* [Data shown]:
--*--

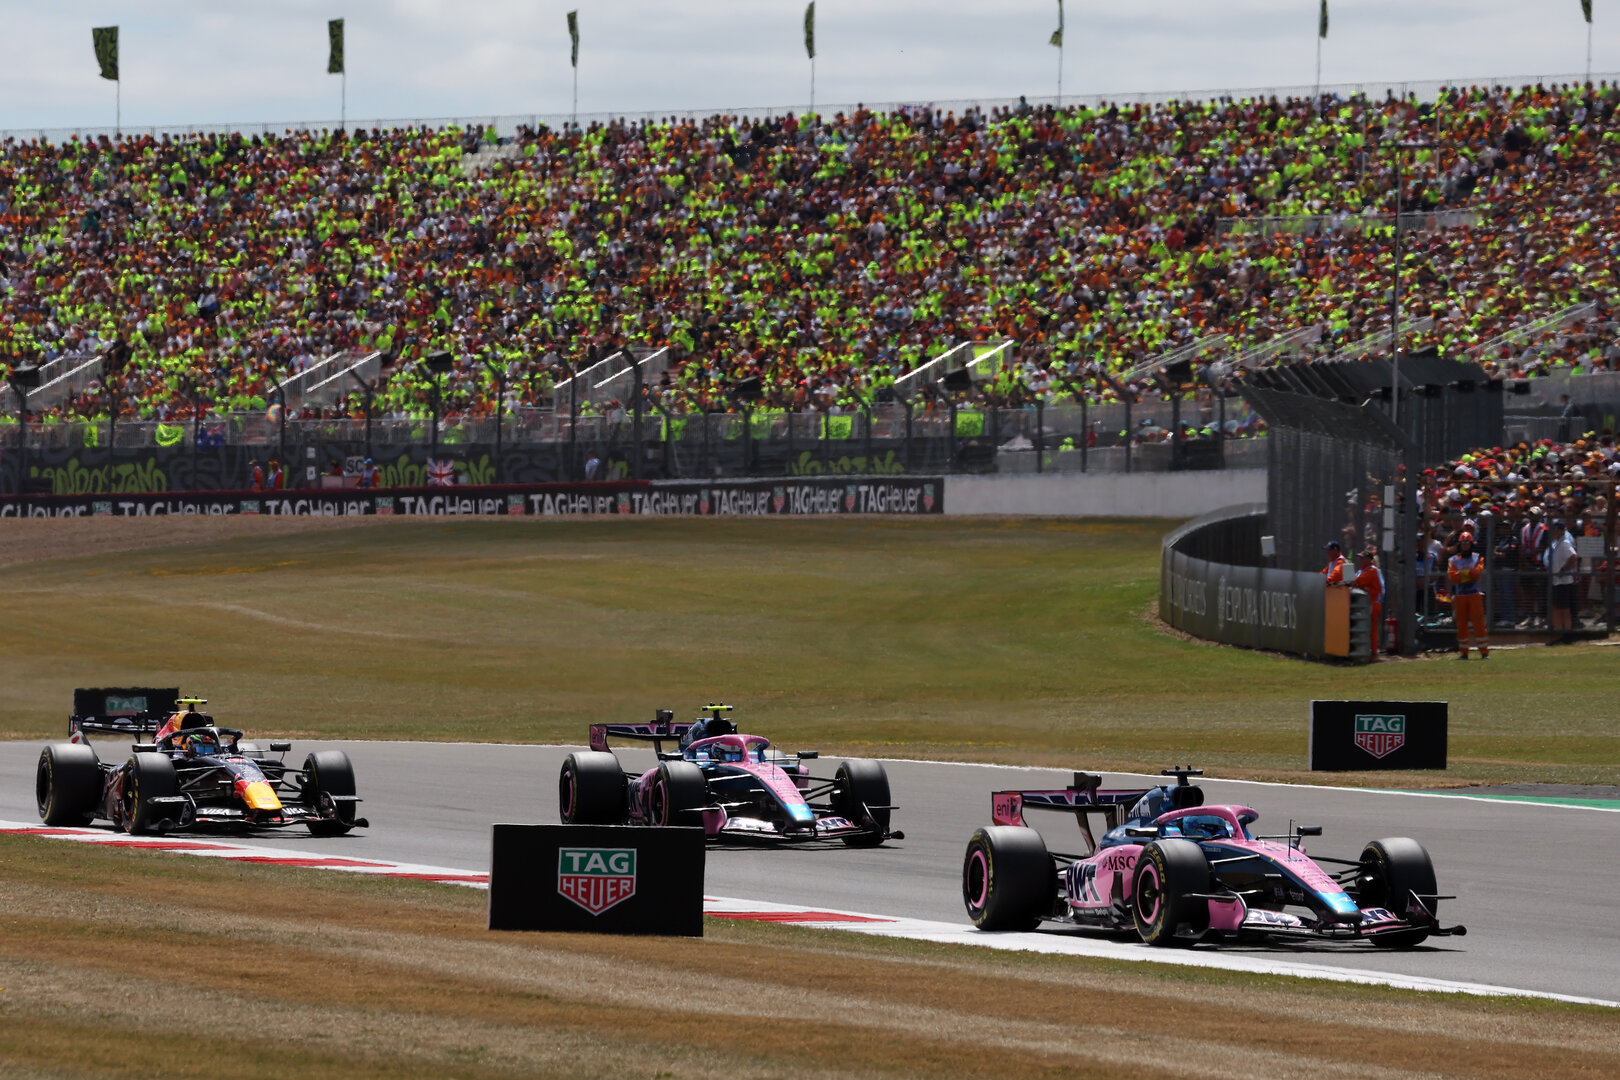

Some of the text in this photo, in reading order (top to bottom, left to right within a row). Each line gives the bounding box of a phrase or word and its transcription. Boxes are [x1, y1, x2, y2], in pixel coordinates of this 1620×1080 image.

[1359, 717, 1401, 731] TAG
[1357, 734, 1402, 756] HEUER
[565, 852, 630, 873] TAG
[1066, 861, 1102, 904] BWT
[562, 878, 632, 910] HEUER

--*--

* [Activity]: Output the material word for word, omitting its pictures.

* [Result for this exercise]:
Some of the text in this photo, in reading order (top to bottom, left to right within a row). Each line gives the bounding box of a phrase or word and its transcription. Boxes are [x1, y1, x2, y2], in pixel coordinates of this 1620×1080 image.

[1359, 717, 1401, 731] TAG
[1357, 734, 1402, 756] HEUER
[565, 852, 630, 873] TAG
[1066, 861, 1102, 904] BWT
[562, 878, 632, 910] HEUER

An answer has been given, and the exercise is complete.